Kaitlin Cooke credits Georgia’s crisis hotline, which predates the national one, with saving her life. “If it weren’t for this resource, I might have been a statistic,” she told KFF Health News,  

Starting last March, Georgia’s response rate to mental health crisis calls “fell off a cliff” following a decision by Carelon Behavioral Health, who runs the lines, to drop a subcontractor that handled staffing.

Carelon is a subsidiary of Elevance Health, an insurance agency, and its response teams answer calls to Georgia’s local line and the national number. If a local center can’t answer 988 call they are routed to a national backup network.

At issue is the sharp rise in abandoned calls – when callers hang up before they’re connected to a counselor.

Georgia requires a call abandonment rate of 3% or less, but had one at 18%, according to a letter sent to Carelon by Kevin Tanner, commissioner of the state Department of Behavioral Health and Developmental Disabilities.

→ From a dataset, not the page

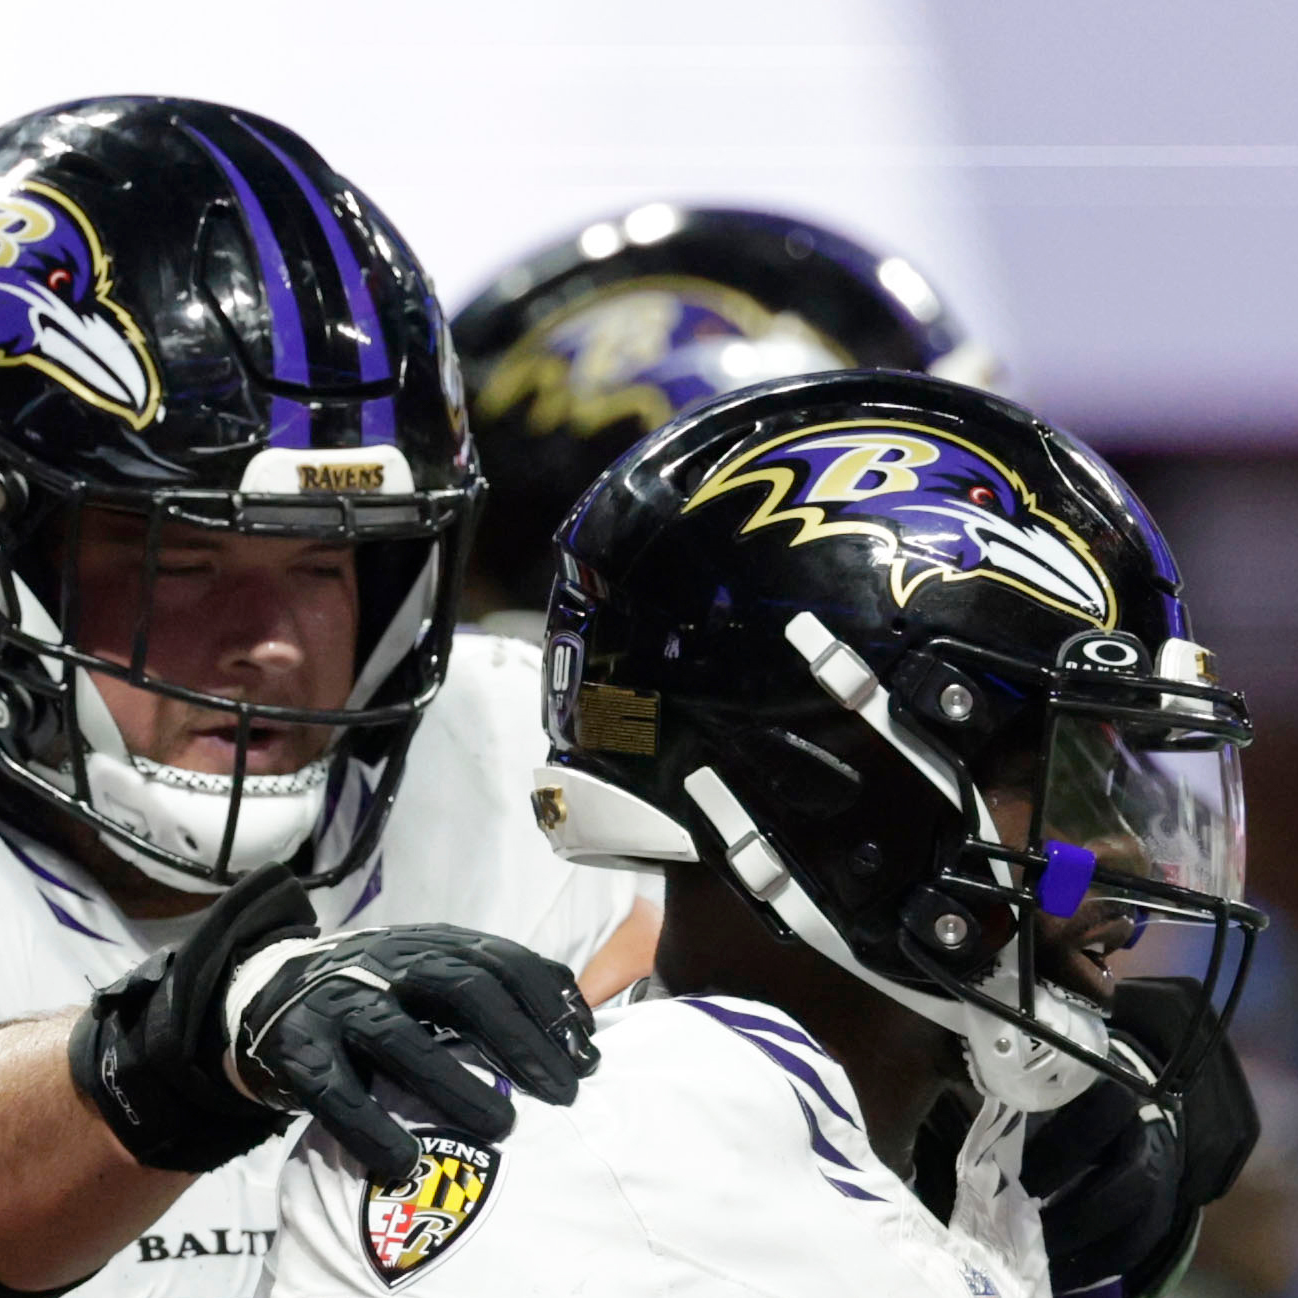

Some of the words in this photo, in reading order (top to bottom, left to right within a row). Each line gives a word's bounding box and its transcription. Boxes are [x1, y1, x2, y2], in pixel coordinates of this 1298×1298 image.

Since that letter went out, state officials have changed what qualifies as an abandoned call – excluding those abandoned after less than 30 seconds, and those routed to national backup centers – making the rate artificially lower.

In April, only 62% of calls were answered within the state – the industry’s unofficial target is 90%. While it has recovered in the months since, people in severe mental health crises needed help throughout, and still do. 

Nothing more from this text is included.